Santé : surtout, les médicaments tirés directement des plantes médicinales. Mais surtout et premièrement : l’hygiène physique et mentale. Un exemple parlant : pour ce que l’on peut en connaître, les philosophes de l’Antiquité grecque, sans la médecine moderne mais avec certainement une bonne hygiène de vie, avaient une « espérance de vie » de près de 80 ans, guère moins que les français actuellement (qui sont plutôt parmi les mieux lotis en ce domaine).
Alimentation : malgré les dérives de la nature et du climat, on ose espérer que cela ne posera pas encore de problème en moyenne dans les années qui viennent (voir par exemple Combien d’hommes la Terre peut-elle nourrir ? – Perceptions et perspectives ). Mais les dérives de la nature sont enclanchées, ne disparaîtront pas de sitôt même si nous devenons subitement raisonnables, donc l’avenir agricole reste incertain.
Economie basée sur … les économies ; réduction drastique des transports, des industries ; disparition des multinationales et des grandes entreprises, ainsi que de la bourse et des placements de rentiers, de la grande distribution avec ses rayons pléthoriques …, fin de la « mondialisation ». Au profit du re-développement de l’artisanat local, et d’une agriculture écologique.
Baisse sensible du pouvoir d’achat moyen (je dis bien : moyen ; cela implique une réduction drastique des inégalités – si toutefois on ne souhaite pas le chaos).
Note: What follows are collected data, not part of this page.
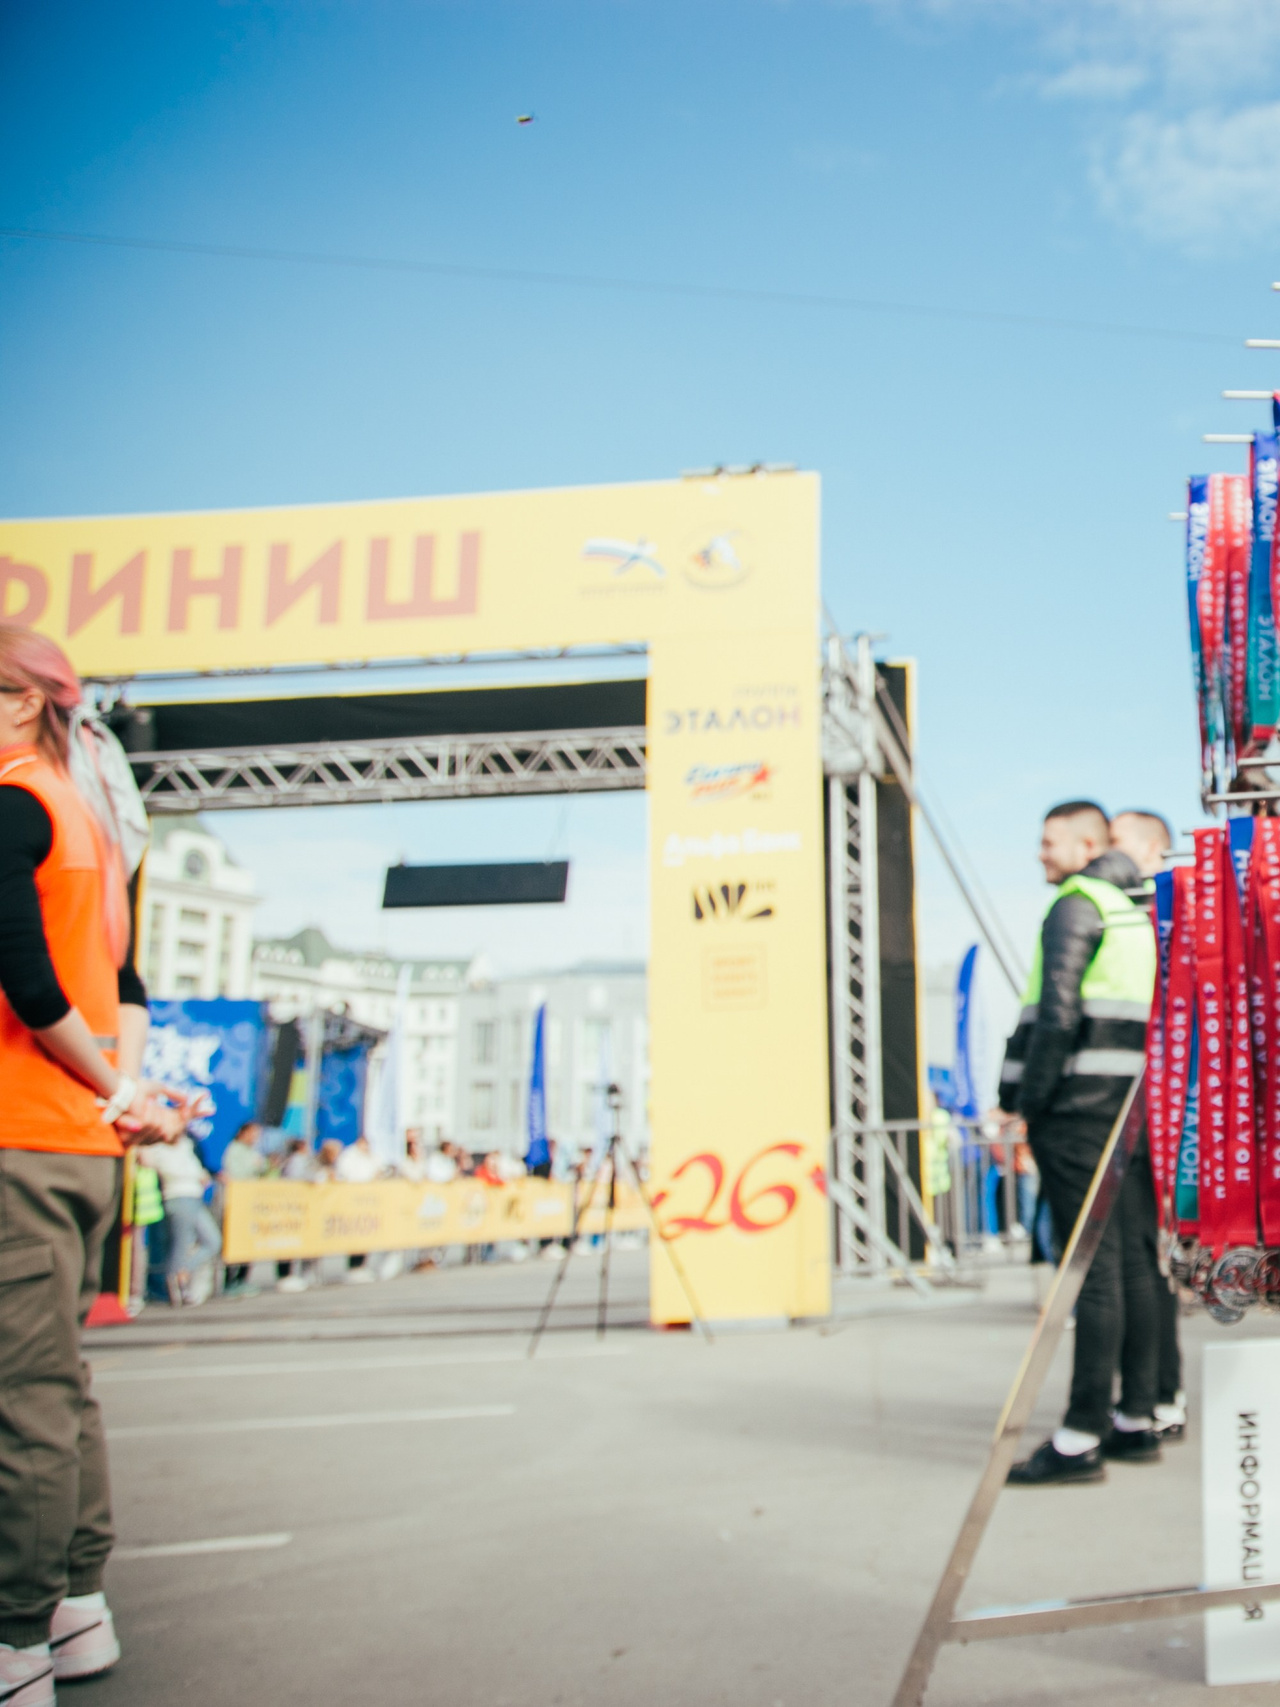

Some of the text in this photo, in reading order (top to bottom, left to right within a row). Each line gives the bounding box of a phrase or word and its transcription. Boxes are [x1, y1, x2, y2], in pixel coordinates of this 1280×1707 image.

[1189, 502, 1209, 581] ЭТАЛОН
[1256, 458, 1279, 542] ЭТАЛОН
[1258, 613, 1276, 701] ЭТАЛОН
[664, 705, 801, 734] ЭТАЛОН
[660, 1142, 805, 1240] 26
[1236, 1410, 1264, 1621] ИНФОРМАЦЯ
Une prudence élémentaire demande l’application du principe d’autonomie maximum au moins pour les besoins vitaux, et à l’échelon aussi local que possible (maximum ne veut pas dire totale, ce qui ne serait ni possible ni souhaitable : Autonomie n’est pas autarcie) : nourriture, logement (et son contenu), vêtement, santé. A l’échelon local : arrêter d’augmenter la taille des grandes villes, mais la diminuer au maximum possible ; comme disait Alphonse Allais : « bâtir les villes à la campagne ».
Energie réduite implique : le minimum possible de transports, donc circuits courts, ce qui implique aussi l’autonomie maximum locale, et pour tous les besoins et utilités.
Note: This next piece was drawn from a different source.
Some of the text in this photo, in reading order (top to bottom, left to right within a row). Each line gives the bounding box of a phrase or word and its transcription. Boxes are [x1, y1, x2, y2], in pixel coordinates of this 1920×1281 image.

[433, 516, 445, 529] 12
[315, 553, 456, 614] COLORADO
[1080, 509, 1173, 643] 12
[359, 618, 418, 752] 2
Matière première réduite implique : fabrications solides et durables, facilement réparables, donc simples, sans sophistications (technologies dites « light »); produits complètement (ou presque) recyclables ; ce qui est incompatible avec la logique du capitalisme de croissance. Sachant aussi que les opérations de recyclages nécessitent eux-mêmes de l’énergie et des matériaux fossiles (du moins, pour ce que l’on sait faire actuellement).
Pour une transition en douceur, à titre provisoire : énergie nucléaire, agro-carburants (qui devraient céder la place aux cultures vitales en cas d’augmentation de la population).
A propos des dangers du nucléaire : ils font peur, mais ne paraissent statistiquement pas plus dangereux que les autres ; les dangers ne sont simplement pas les mêmes.
Le problème, c’est la grande industrie en général.
Vous connaissez le dicton : petits enfants, petits soucis ; grands enfants, grands soucis.
En paraphrasant :
Petite industrie, petits dangers ; grosse industrie, gros dangers. Quelle que soit l’industrie.
En conclusion : Il s’agit d’assumer et organiser la fin du « règne de la quantité » (titre d’un ouvrage de René Guénon).